Rockies first base coach Glenallen Hill said he was donning a helmet but coaches are simply vulnerable. At first base, you're often watching the pitcher for a pickoff move rather than a batter. At third base, you're down the line closer to the plate if there's a runner on second.

Yankees manager Joe Torre said helmets should be mandatory for base coaches.

"I don't think there's any question," he said. "A lot of times coaches scare you, because some of them won't even watch the hitter, because they're trying to help the runner. So I don't think that's a bad idea."


Around the horn

*I don't think you should get all riled up about the Yankees' "comeback" into playoff contention. The Yankees are in the midst of 26 straight games against sub-.500 teams until they hit Toronto on Aug. 6. And that number could hit 29 if the Jays are below .500 when the Yankees get to Rogers Centre.

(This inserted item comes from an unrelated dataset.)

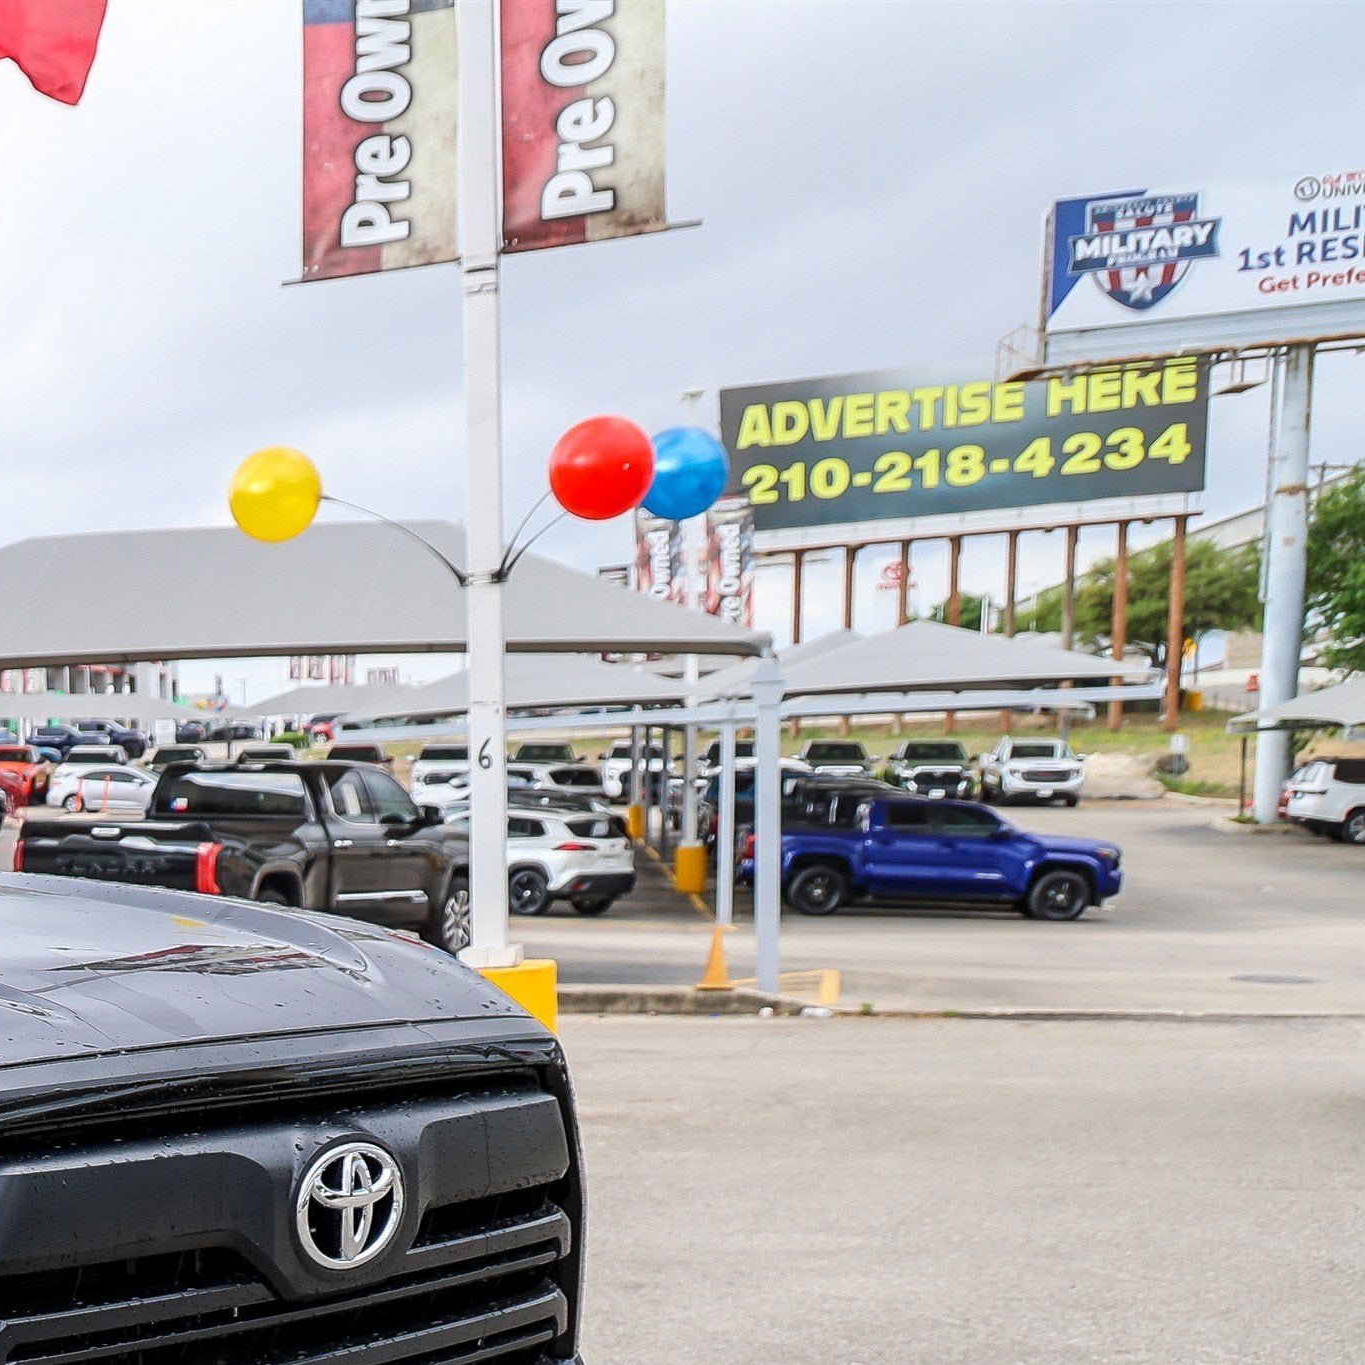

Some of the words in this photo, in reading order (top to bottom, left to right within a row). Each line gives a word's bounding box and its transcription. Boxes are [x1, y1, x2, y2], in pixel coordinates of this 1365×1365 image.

August is going to be much tougher for New York -- seven games against the Tigers and three apiece against the Red Sox, Indians and Angels.

*The Indians' attendance problems in Jacobs Field were painfully obvious last week as Red Sox fans were often louder than Tribe supporters.

"It bothers me," said C.C. Sabathia. "It's a little embarrassing. There are such great fans in this city. I was here when we sold this place out. But when you hear cheers of 'Youk, Youk, Youk' when [Boston first baseman Kevin] Youkilis comes to the plate, that's not Cleveland."

*Does anyone want to win the NL Central? And no matter who does, are the Brewers or Cubs really a danger to do much damage come October?